Louis Aliot est, en revanche, à l’origine de l’arrivée d’une carte maîtresse : l’avocat Gilbert Collard, président du comité de soutien de Marine Le Pen. Le député, issu du Rassemblement bleu marine, sera particulièrement utile sur l’Afrique subsaharienne francophone. Défenseur de la première heure de Laurent Gbagbo, il est "en lien avec le Comité Afrique France (Comaf)", explique-t-on rue des Suisses. Cette organisation a pour porte-parole Joris Nkombe, président du Mouvement populaire de défense du Congo (MPDC). Mais en février 2012, une réunion organisée par le Comaf n’avait guère réuni plus d’une dizaine de personnes de la diaspora parisienne. Là encore, rien de bien consistant. En réalité, l’avocat parisien devrait user de toute son influence au sein de la Grande Loge nationale de France (GLNF, obédience maçonnique) – dont font partie notamment Ali Bongo Ondimba, Alpha Condé ou encore Blaise Compaoré -, seul réseau solide capable d’ouvrir les portes du continent à Marine.

Peut-être aussi la présidente du Front national pourrait-elle regretter le départ au milieu des années 2000 de Samuel Maréchal. Le père de Marion, ancien cadre du parti, remarié à Cécile Houphouët-Boigny, la petite-fille de l’ancien président ivoirien, fait aujourd’hui des affaires sur le continent. Mais plus question, pour lui, de faire de la politique.

"La burqa pose problème"

Quant au Maghreb, ce sera encore plus compliqué. Car même si la dédiabolisation du FN est en marche, personne n’a oublié l’affiche qui a fait réagir Abdelaziz Bouteflika, le président algérien, en 2010 : une France aux couleurs de l’Algérie, transpercée de minarets et une femme en burqa… mettant en garde contre l’islamisation galopante de la France. "Il y a quelques années, nous légiférions sur le voile, insiste encore Éric Domard, aujourd’hui c’est la burqa qui pose problème !"
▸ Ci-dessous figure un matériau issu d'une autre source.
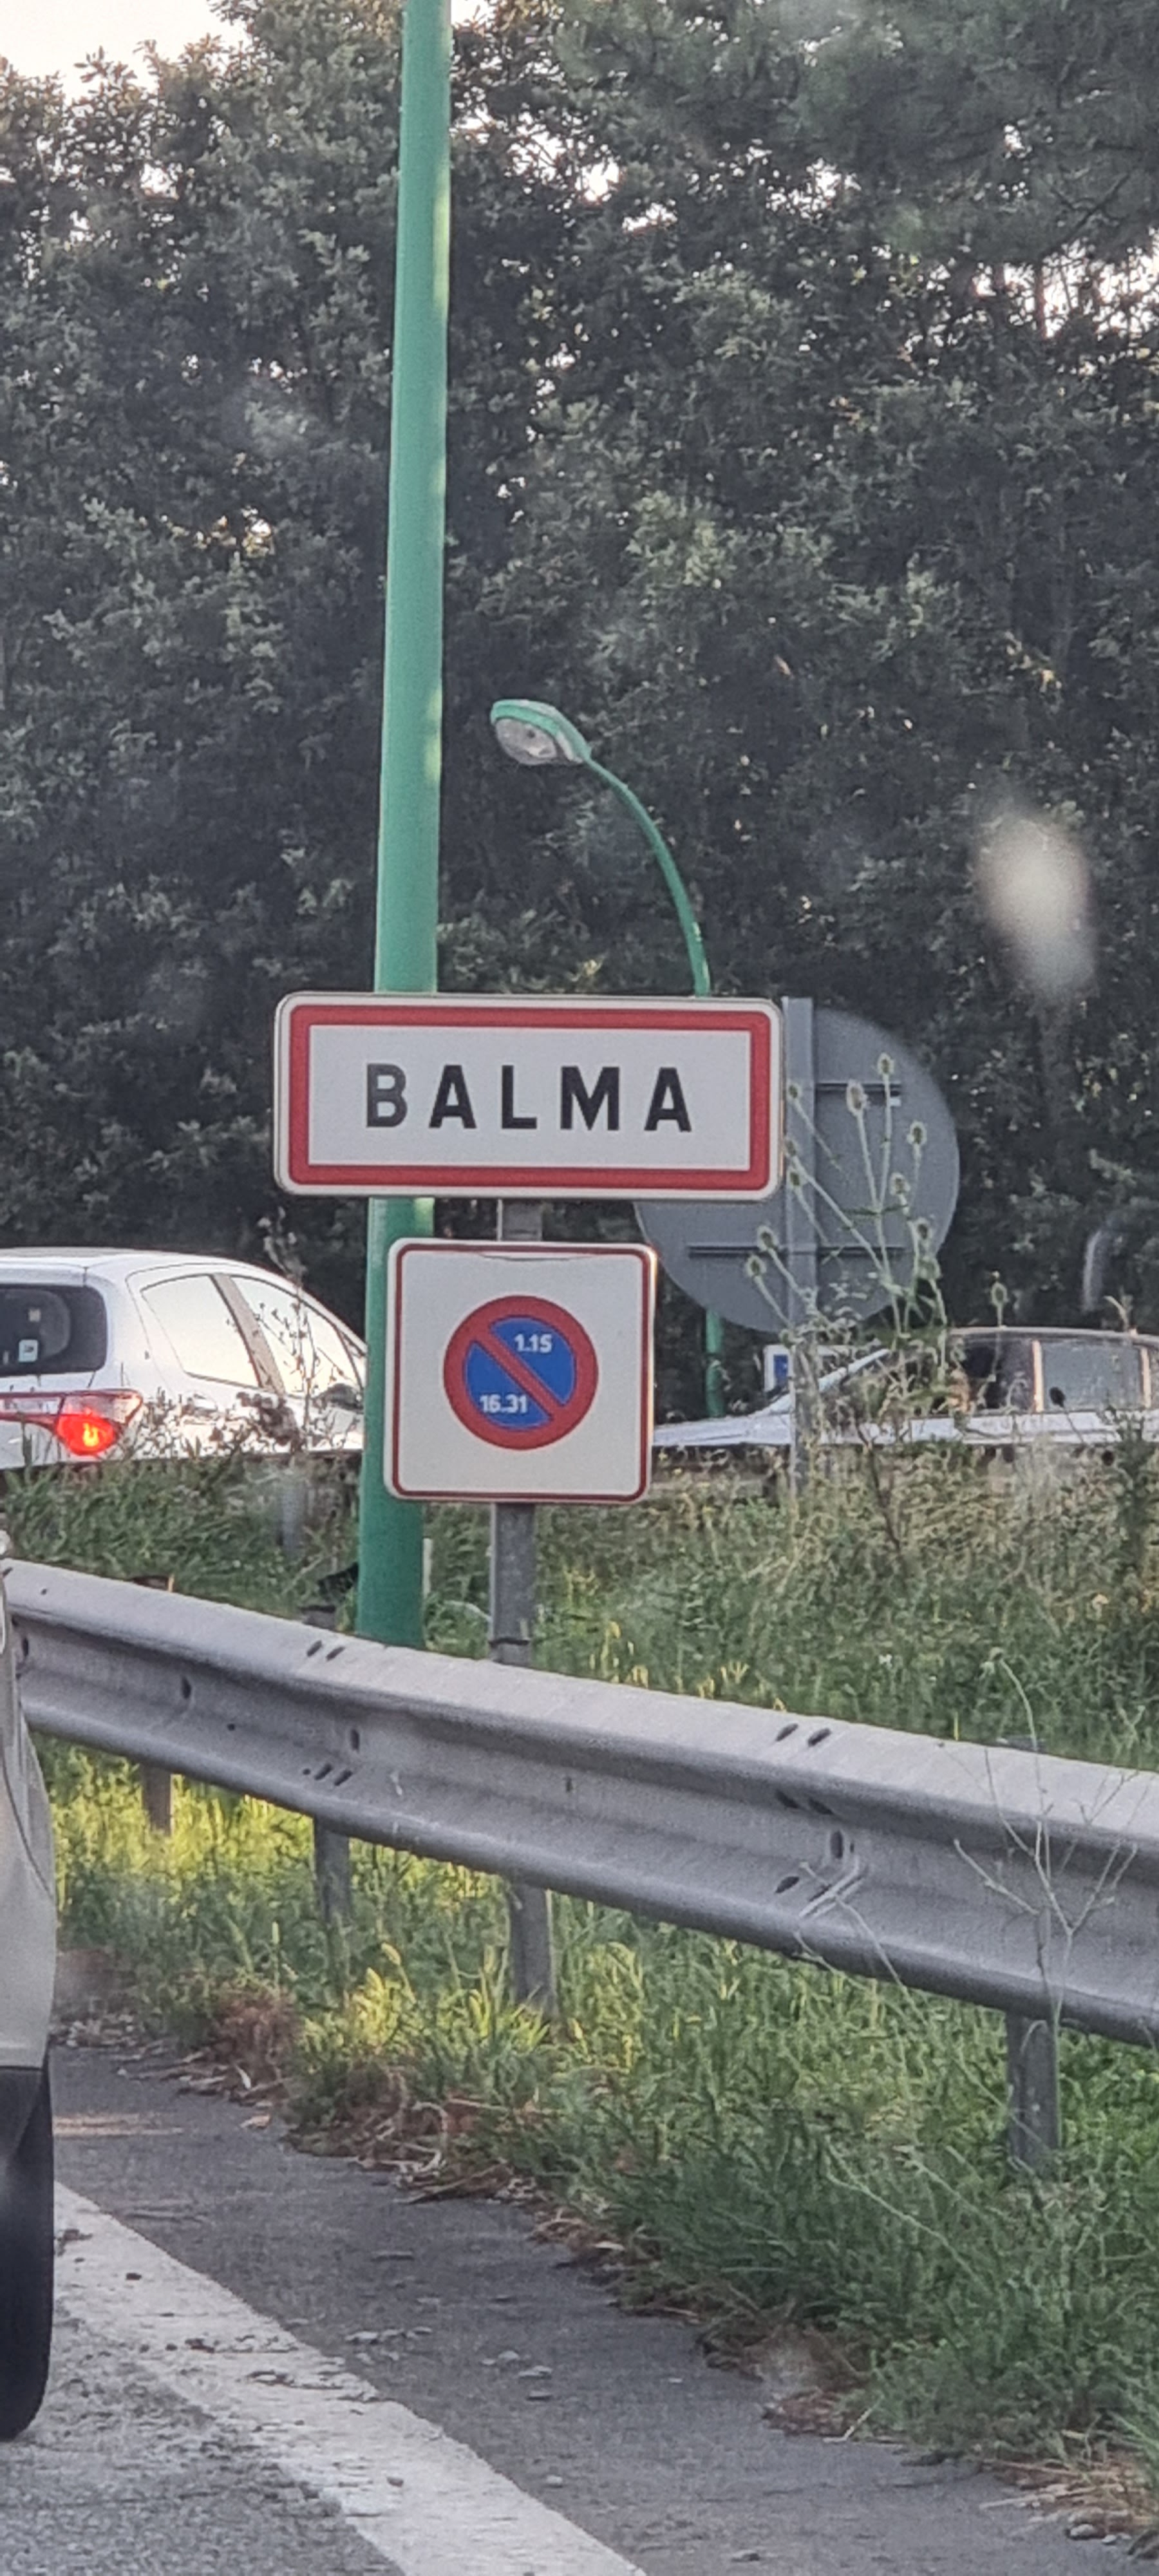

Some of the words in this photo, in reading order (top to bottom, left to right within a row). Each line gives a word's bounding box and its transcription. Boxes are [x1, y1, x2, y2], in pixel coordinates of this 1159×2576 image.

[365, 1063, 692, 1133] BALMA
[514, 1334, 552, 1353] 1.15
[480, 1394, 527, 1414] 16.31
Pour travailler ses réseaux arabes, Marine pourra néanmoins compter sur une jeune recrue, Aymeric Chauprade, spécialiste de géopolitique, conseiller occulte depuis quatre ans. Intégré officiellement début novembre au sein de son cabinet, tête de liste en Île-de-France pour les élections européennes, il joue les consultants pour le roi Mohammed VI sur la question du Sahara occidental. Selon le blog Realpolitik.tv, qu’il anime, Aymeric Chauprade a obtenu la chaire de géopolitique au Collège des Forces armées royales de Rabat en 2003 et à l’École supérieure de guerre de Tunis dès 2005. Ce que ne dit pas cette biographie, c’est qu’il est un fervent partisan de la thèse du complot sur les attentats du 11 septembre 2001. Interrogé sur cette question le 18 novembre sur la radio Europe 1, il répond : "Quand il y a des choses douteuses dans une version officielle, je me pose des questions." L’intervention française en Libye ? "Une guerre inconsidérée", explique-t-il le 8 octobre devant une commission de l’ONU. Le Mali ? "Une décision courageuse de la France." Les Touaregs ? "Un projet séparatiste récupéré par des fanatiques religieux." Et de conclure : "Est-ce cela que l’on veut pour le Sahara occidental ? La question du Polisario ne peut être distinguée des questions touarègues et fondamentalistes."

Un discours qui flirte par ailleurs avec l’islamophobie et auquel le Front national est habitué. Les vieux démons sont tenaces. De la rue des Suisses aux frontières du continent, le chemin risque d’être long.